Books: I enjoyed the HBO adaptation so much, I got the first three volumes of Alexander McCall Smith's The No.1 Ladies' Detective Agency (which is also the title of the first). Those three books are where most of the stories and mysteries of the short-lived series were taken, but the novel still holds surprises for the television fan by going back into Botswana's premiere lady detective's past. Who her father was, how she grew up, and why she chose to open a detective agency are all delved into a lot more than on the show. This isn't an Agatha Christie-type mystery - with a single large mystery - but more of a Sherlock Holmes experience, with several small mysteries occupying Mma Ramotswe's time. The show reproduced the charm of the book quite well, with Africa as a central element, its landscapes, its people, its values and attitudes; the social commentary is gentle and loving. I'd have loved for some of the mysteries to be less clear in my mind before going in, but I'm already a ways into the second book. A nice, breezy read.
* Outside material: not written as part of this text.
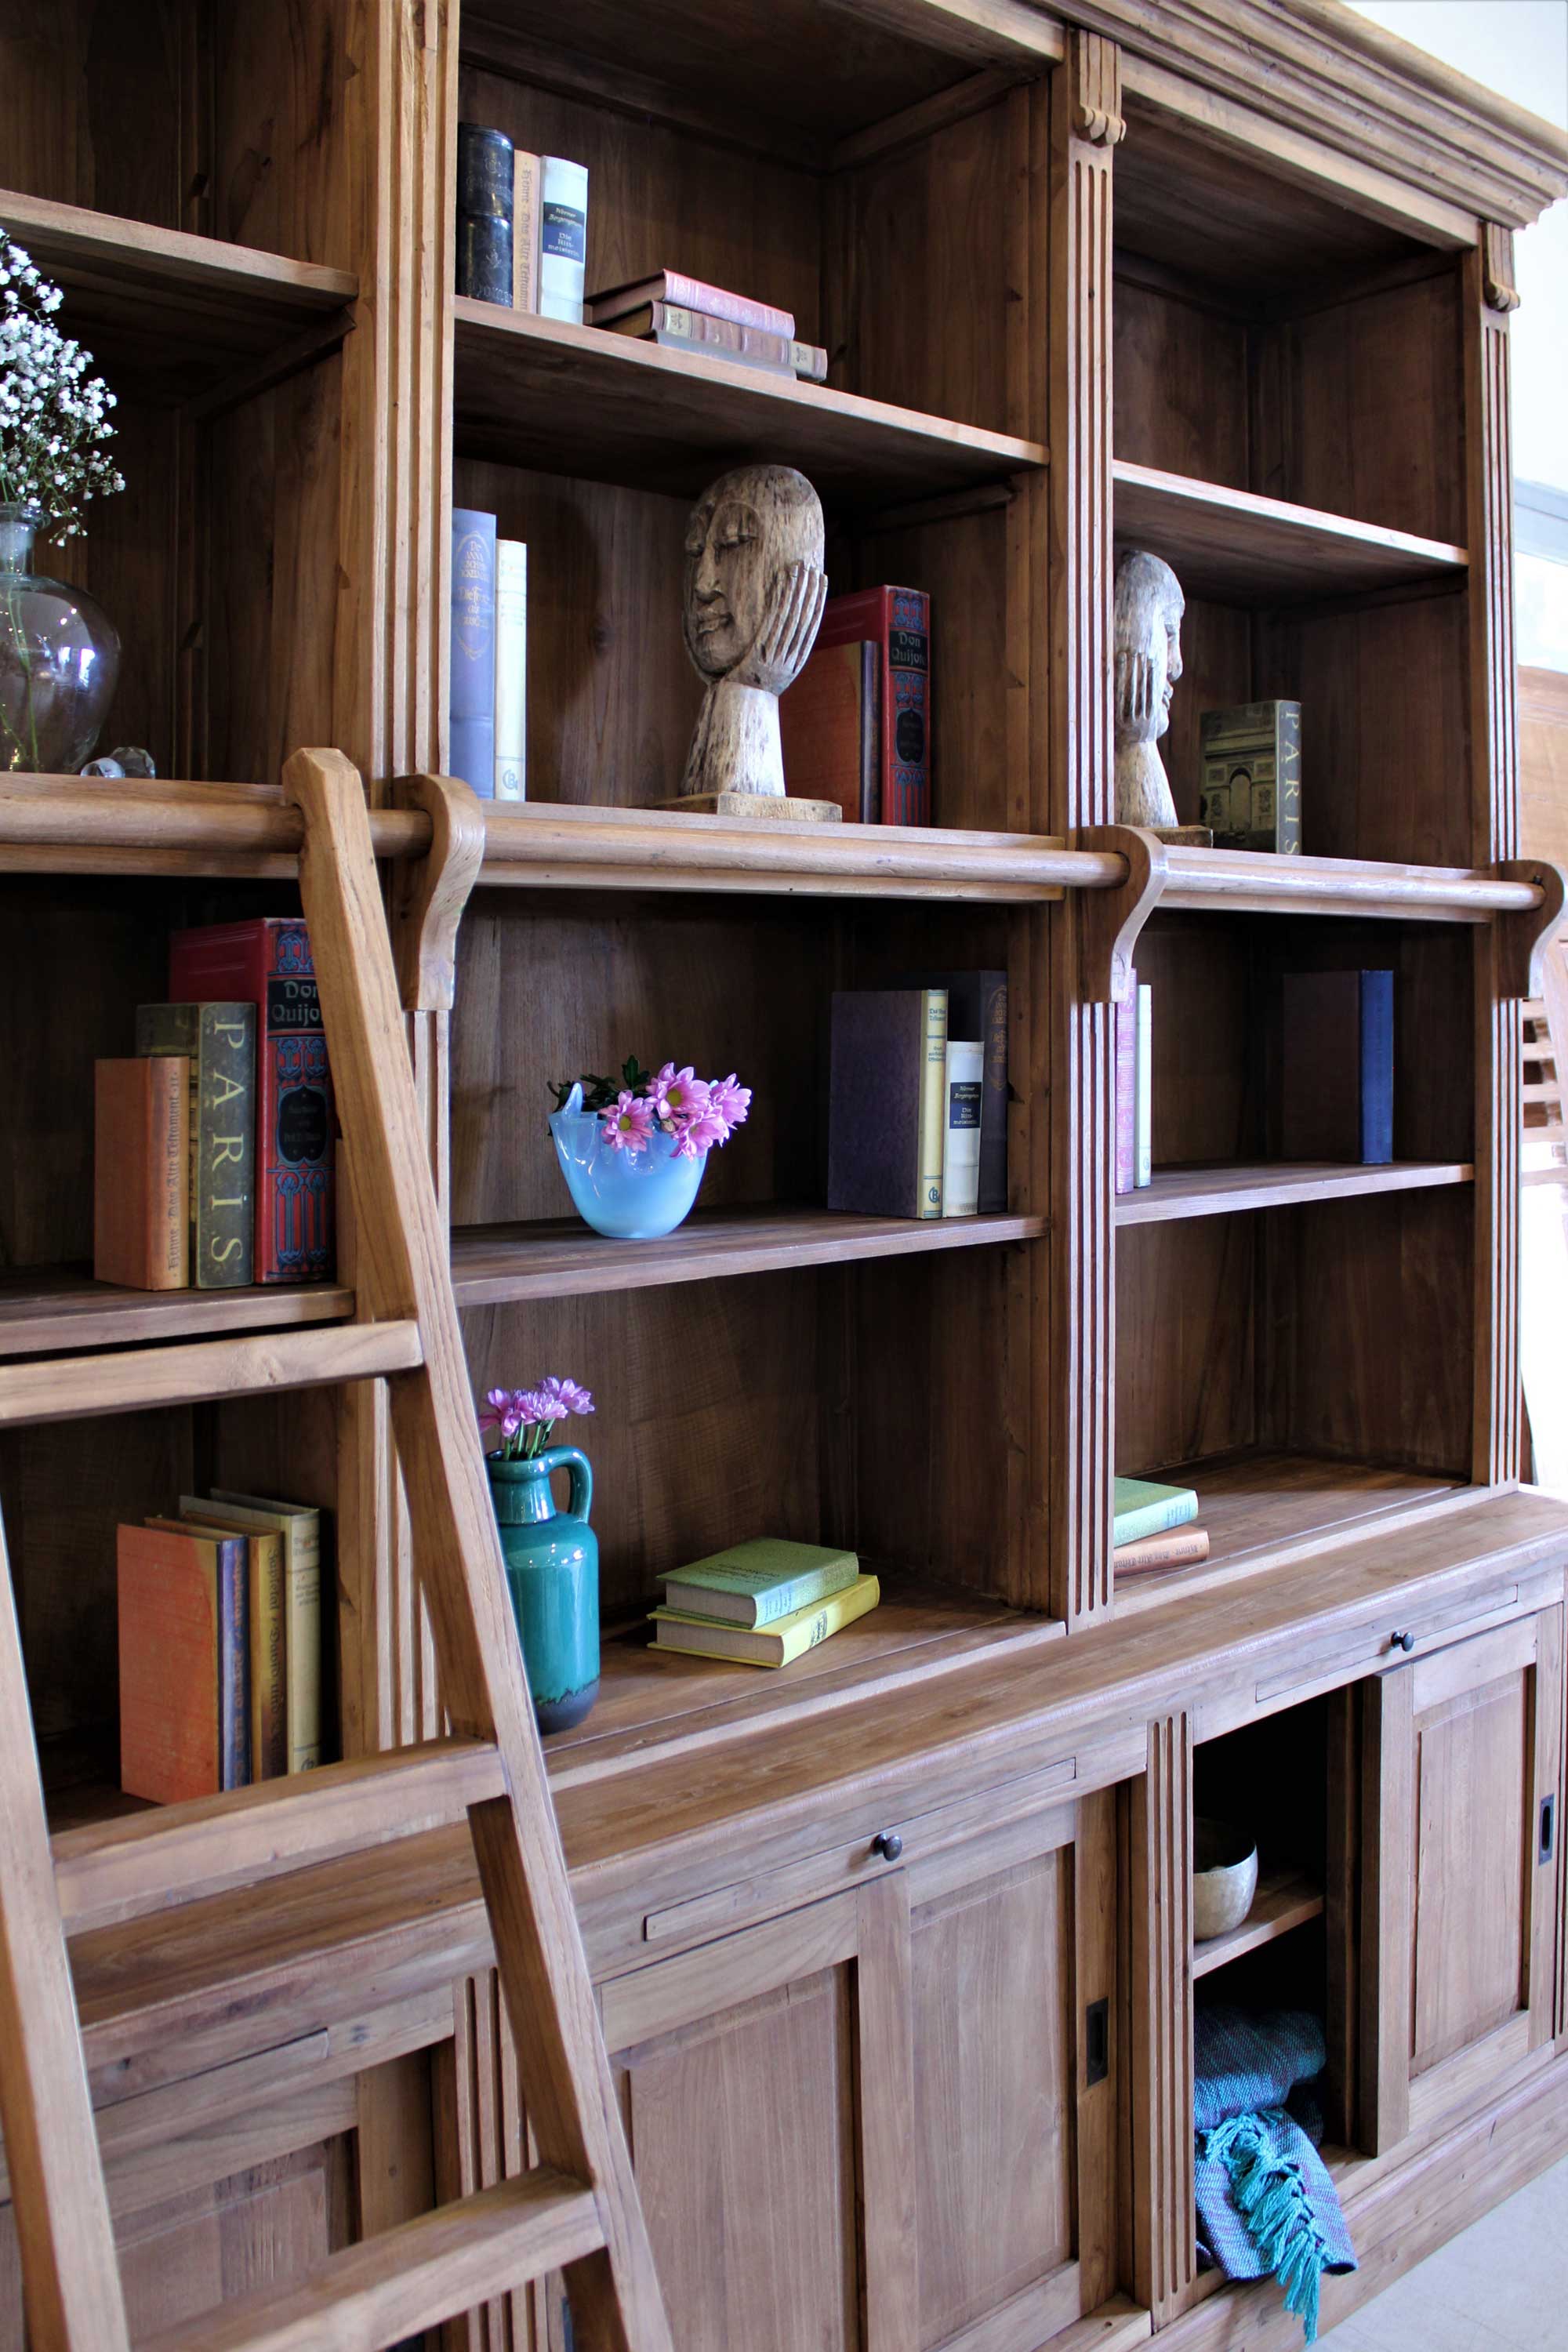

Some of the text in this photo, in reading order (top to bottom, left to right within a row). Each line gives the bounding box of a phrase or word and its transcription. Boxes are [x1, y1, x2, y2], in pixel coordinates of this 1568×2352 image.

[898, 631, 921, 647] Don
[1284, 710, 1300, 854] PARIS
[212, 1018, 245, 1262] PARIS
srsly Hamlet is Courtney Carbone's take on the greatest play ever written for "OMG Shakespeare". The premise: Shakespeare as filtered through social media, with all key characters txting each other, soliloquies in electronic post-it notes, emoticons up the wazoo, etc. It's an amusing experiment, one that shows good understanding of the play's themes and ironies, at its weakest when it does famous speeches and lines in modern/l33t English. That's really the problem with such adaptations. Once you remove Shakespeare's linguistic bounty, you're left with a melodramatic plot originally poached from some Italian source or something. Reducing Shakespeare to plot doesn't do much for me. What makes srsly Hamlet work despite it all, I think, is our own familiarity with the play. I'm not sure this would be anywhere near as interesting for someone who didn't know it inside and out.
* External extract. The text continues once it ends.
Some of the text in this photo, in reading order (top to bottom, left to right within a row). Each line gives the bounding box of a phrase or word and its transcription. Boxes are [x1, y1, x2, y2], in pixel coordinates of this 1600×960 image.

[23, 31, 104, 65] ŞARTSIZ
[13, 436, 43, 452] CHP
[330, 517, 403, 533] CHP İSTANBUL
Music: The "Weird Al" Yankovic Mandatory World Tour came to town last night, a fun evening of parody songs from the only artist of note in that game. Two hours with no intermission, and no time for much audience interaction except for the bits where Al came down into the crowd, but he did take several breaks to change costumes. There was perhaps too much energy spent on recreating music videos, especially when you can only do one song in, say, the Fat suit, but to keep people entertained, they projected all sorts of material from Weird Al's career (from Al TV, for example, and collected clips from what must be every Weird Al reference and appearance in movies and TV ever). Early on, I was a little clipped out, so my favorite parts were definitely the medleys and arrangements that circumvented the need to appear "in character". Lots of energy and good humor, and judging from the crowd, for all ages.